Attitudes to Sexuality Abuse and Protection

Historically, especially in the early 1900s, there was a great deal of concern in the UK, the USA and elsewhere about the reproduction of a number of groups, including people with intellectual disabilities or a mental illness, who were deemed to be 'unfit' (Barker, 1983; Showalter, 1985, p. 110; Fennell, 1996). Reflecting this concern, 'patients' in psychiatric and 'mental handicap' hospitals were very strongly discouraged from having sexual relationships (although illicit and abusive sexual activities were far from unknown). For example, wards were segregated by gender and no contraceptive or sexual advice was offered, even in long-stay hospitals. The advent of the normalisation movement (Nirje, 1980; Wolfensberger, 1980, 1983; Emerson, 1992) and the rights movement (Rioux, 1997; Shakespeare, 2000; Cook, 2000), with its associated legislation (e.g. Daw, 2000) radically changed views about the opportunities which should be offered to people with disabilities and/or mental health needs, providing a new emphasis on age-appropriate and culturally normative experiences. For people with intellectual disabilities, there was a recognition that sex education should be offered (Craft and Craft, 1983; Murphy et al., 1983; McCarthy, 1999, pp. 61-67) and, increasingly, there was a move to more ordinary living conditions in the community (Mansell and Ericsson, 1996). Similar deinstitutionalisation took place in regard to people with a diagnosed mental illness and hospitals themselves became less prohibitive about sexual matters: most wards began to contain men and women (though this has resulted in concerns about sexually abusive behaviour by men—see below).

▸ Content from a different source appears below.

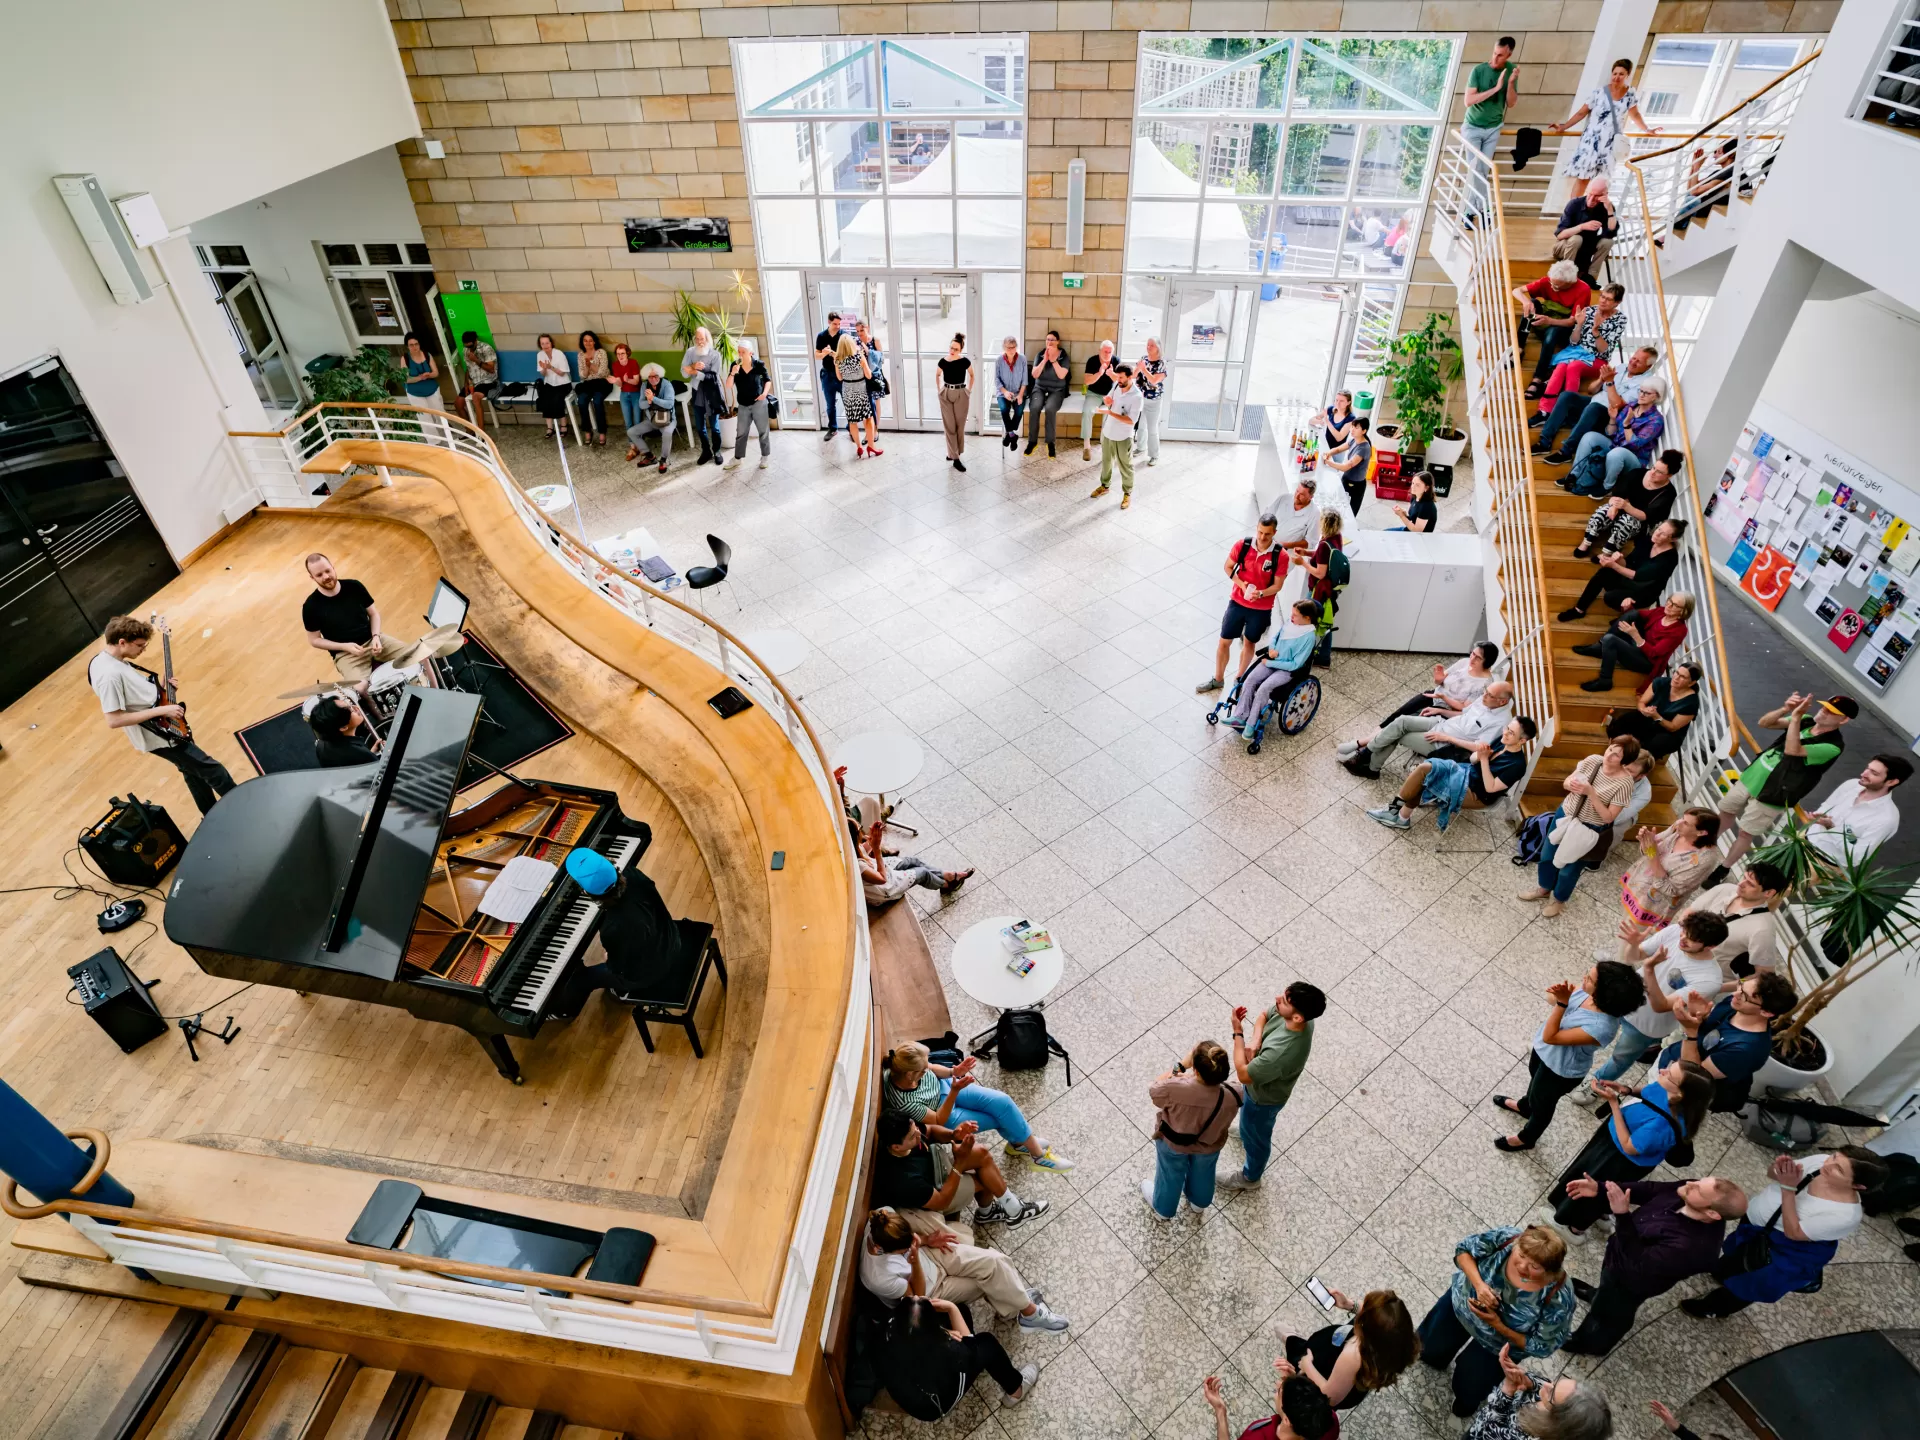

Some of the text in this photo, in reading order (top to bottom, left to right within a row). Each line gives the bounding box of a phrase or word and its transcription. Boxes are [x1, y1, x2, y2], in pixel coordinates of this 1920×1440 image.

In most jurisdictions, despite this evidence of attitudes opposing the expression of sexuality for marginalised groups, there was a legal presumption of capacity to consent to sexual relationships, so that everyone above the age of consent (with very few exceptions) was considered competent to consent to sexual activity. Most countries had laws to protect people from unwanted sexual encounters, though, and there were often added protections for those who were regarded as unable to consent (such as for men and women with severe intellectual disabilities in England and Wales; for the relevant law, see Gunn, 1996). Nevertheless, the law normally only concerned itself with situations where it was reported that a person did not or could not consent. Where consent appeared to have been given, the law did not usually seem concerned with the reason why consent was given, enabling people to consent to sex for all sorts of reasons including sexual gratification, affection, duty, money, physical closeness, physical comfort or fear. As a result, in cases where a man or woman had consented to sexual activities for a small gift, such as a cigarette, there could usually be no prosecution, even though others may have felt that he or she had been exploited.

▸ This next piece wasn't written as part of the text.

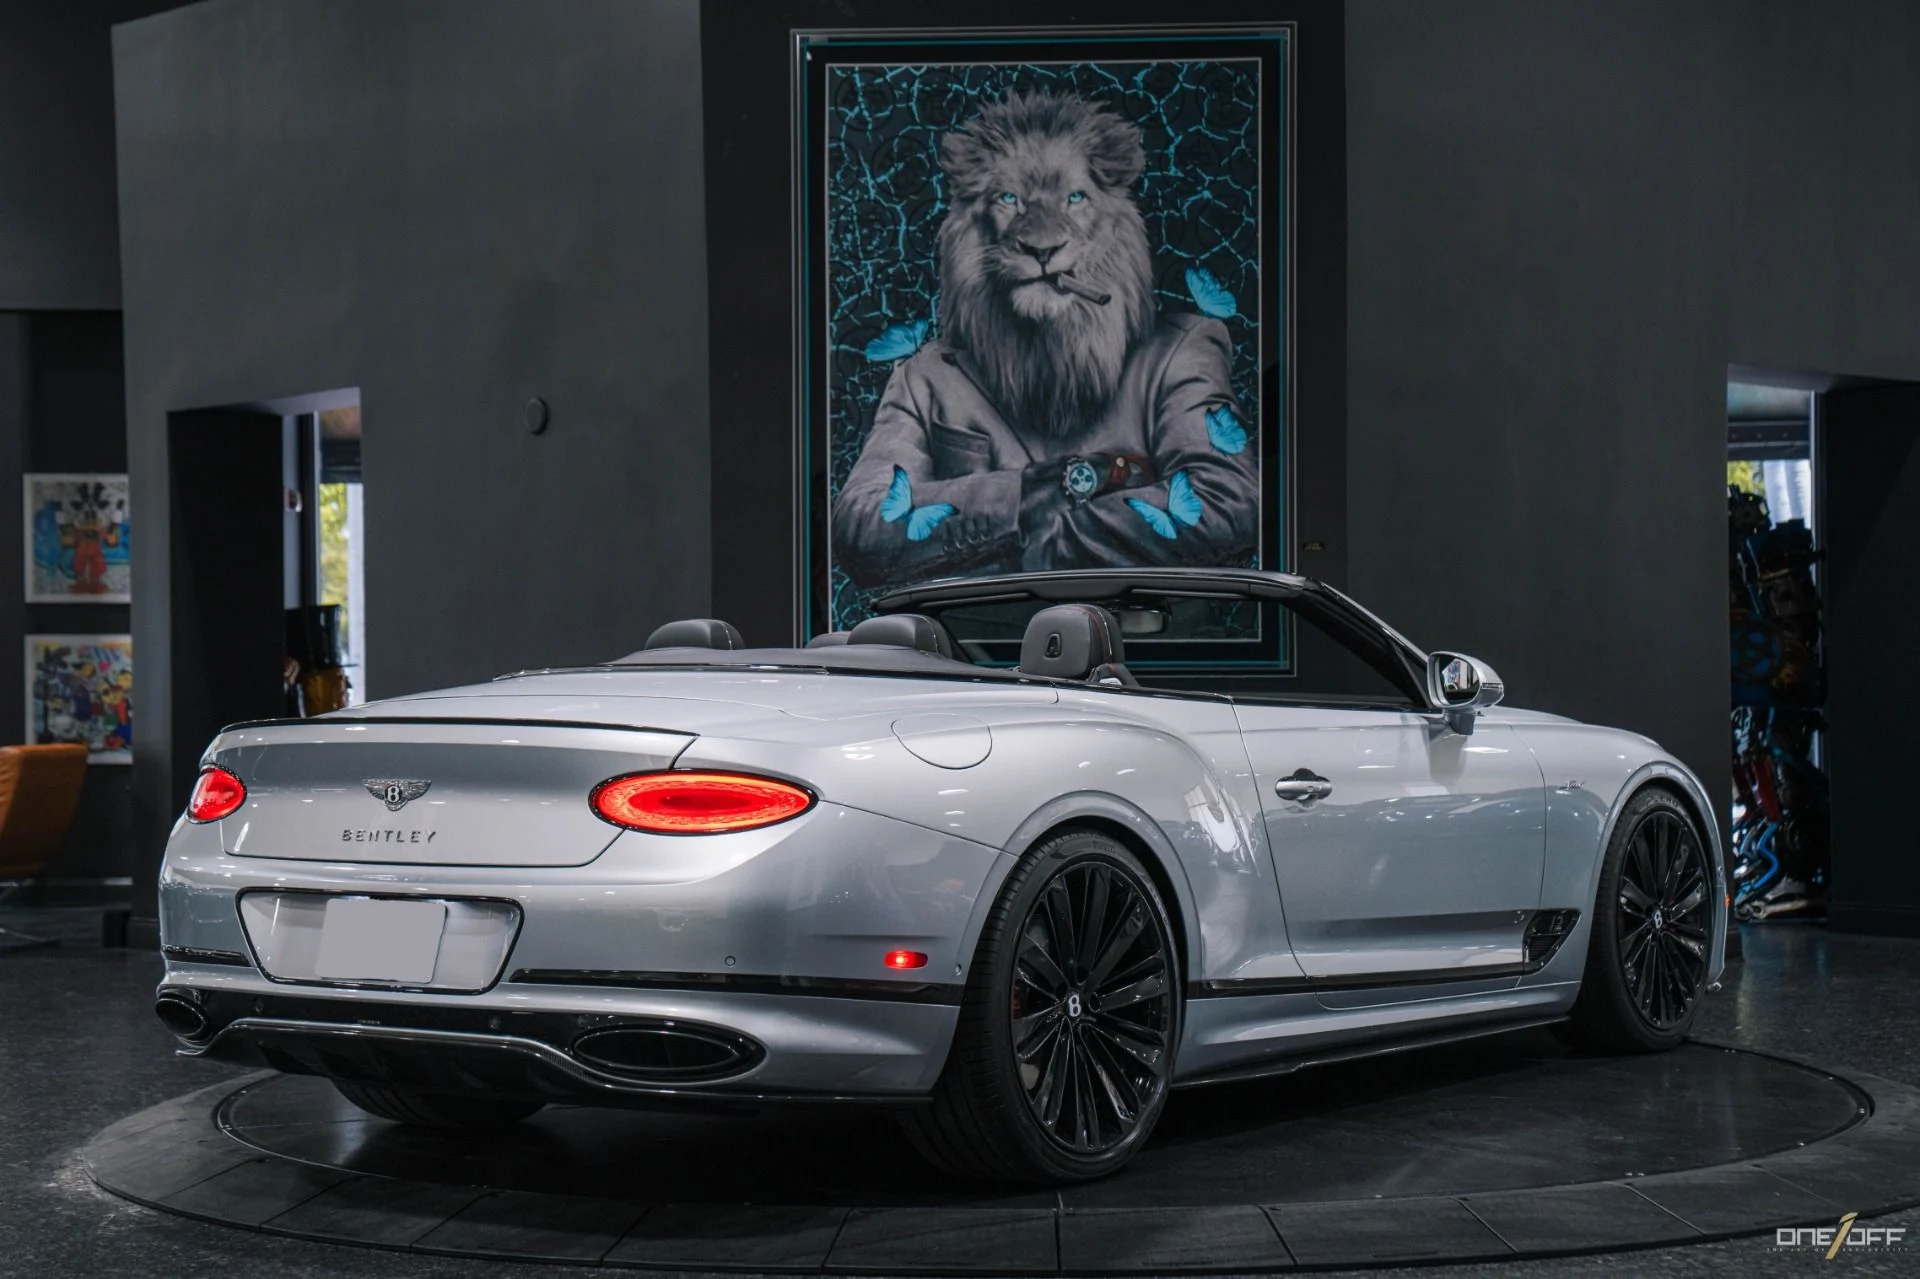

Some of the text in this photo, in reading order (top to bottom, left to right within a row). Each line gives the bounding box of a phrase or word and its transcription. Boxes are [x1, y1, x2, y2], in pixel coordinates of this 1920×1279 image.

[387, 785, 400, 803] B
[342, 829, 436, 843] BENTLEY
[1068, 994, 1081, 1017] B

People with intellectual disabilities, physical disabilities, a mental illness, or dementia are all thought to be at increased risk of sexual exploitation and/or sexual abuse because of their social and/or cognitive disadvantages (Sobsey, 1994; Brown et al., 1995; Williams and Keating, 1999; Glendenning, 1999; Nosek et al., 2001). Nevertheless, discussions about capacity to consent to sexual relationships normally only occur in relation to people with intellectual disabilities and these debates tend to be about the degree of sexual knowledge required to indicate capacity.

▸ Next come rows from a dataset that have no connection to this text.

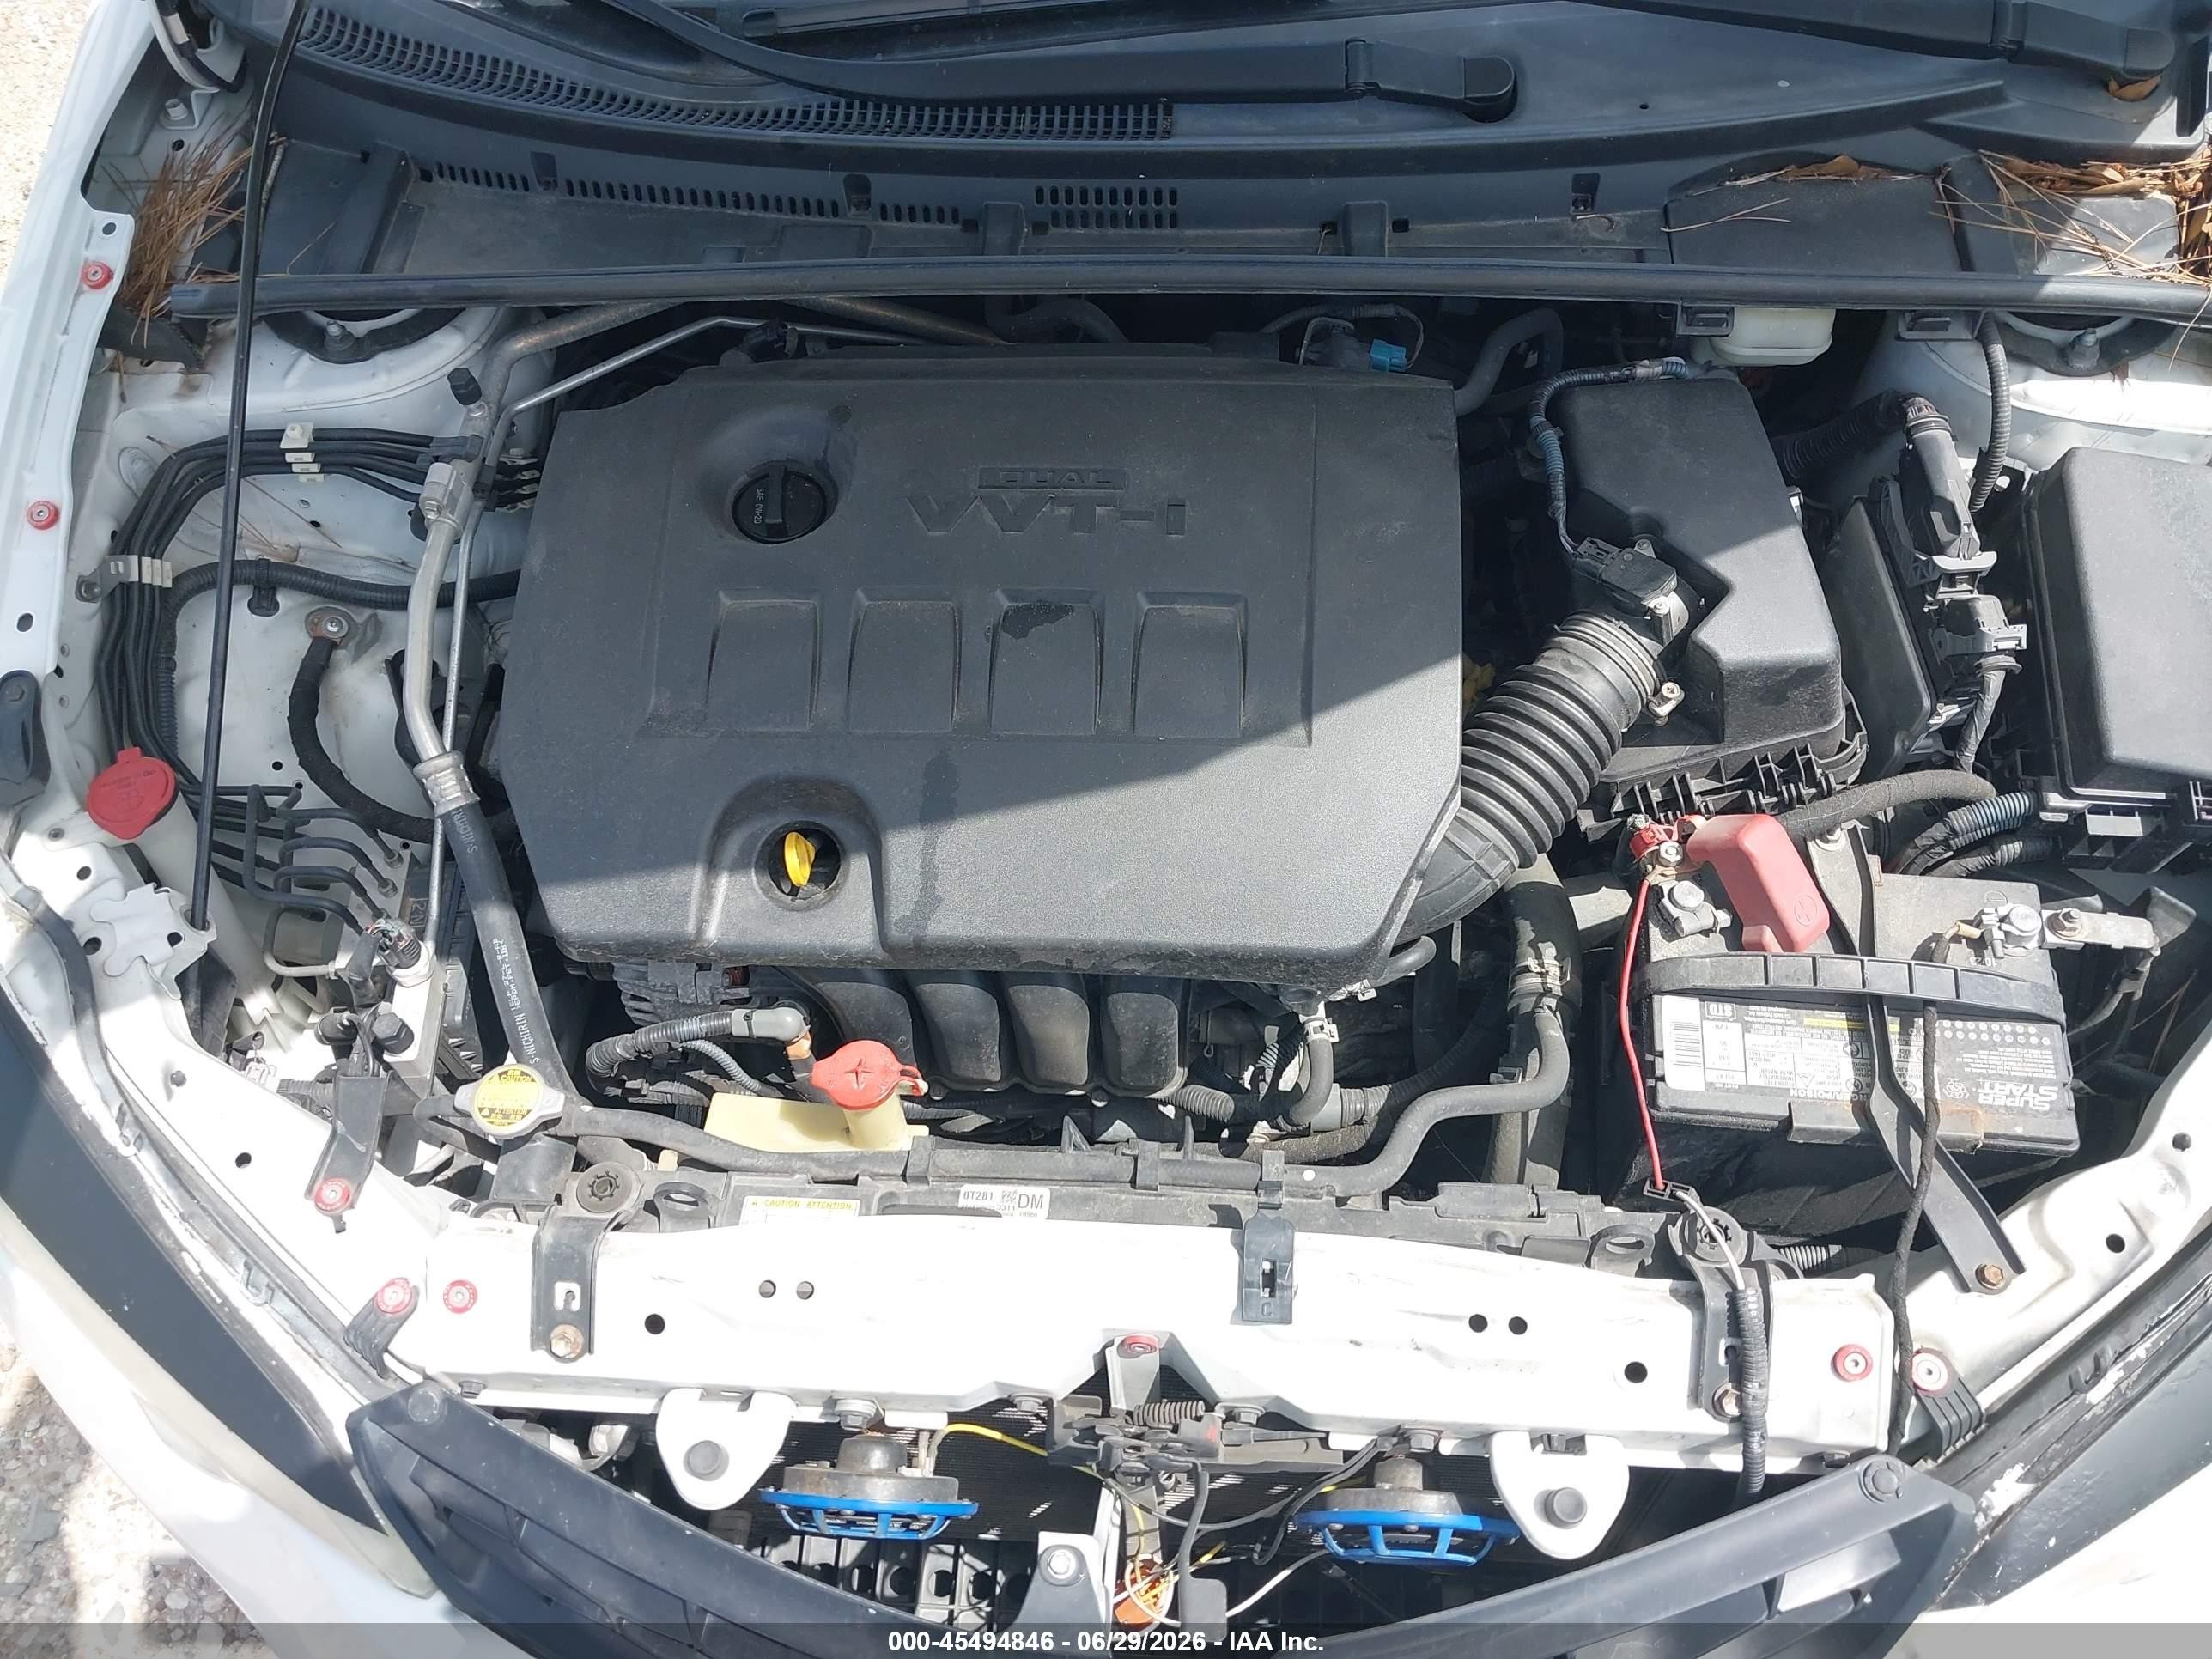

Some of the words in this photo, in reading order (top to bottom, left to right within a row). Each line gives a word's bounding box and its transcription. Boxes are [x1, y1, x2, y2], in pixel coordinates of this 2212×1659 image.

[1709, 1003, 1732, 1017] STD
[501, 1074, 532, 1083] CAUTION
[1790, 1089, 1868, 1101] NGER/POISON
[1977, 1081, 2058, 1102] START
[1978, 1092, 2051, 1111] SUPER
[764, 1199, 800, 1208] CAUTION
[806, 1200, 853, 1209] ATTENTION
[1018, 1194, 1044, 1209] DM

For all vulnerable groups, however, there has been a rising concern about how to provide them with protection, without wishing to remove their right to consenting sexual relationships. It has been suggested (e.g. Copperman and Burrowes, 1992) that mixed gender wards in psychiatric hospitals place women with mental illness or other mental health problems at risk of sexual abuse and that single sex provision should routinely be available (a similar argument might be made for women with intellectual disabilities or dementia living in hospital or community services). In addition, local policy guidelines on personal and sexual relationships and adult protection procedures have been drawn up by and for staff in residential and day care facilities for vulnerable people (Booth and Booth, 1992; Brown and Stein, 1998). Most ofthe guidelines assert that such persons have the same right to consenting sexual expression as other people but that they also have a right to be protected from abuse and exploitation. The majority of guidelines are then mainly concerned with procedures to be followed when abuse comes to light; they tend to provide no guidance on what constitutes consent.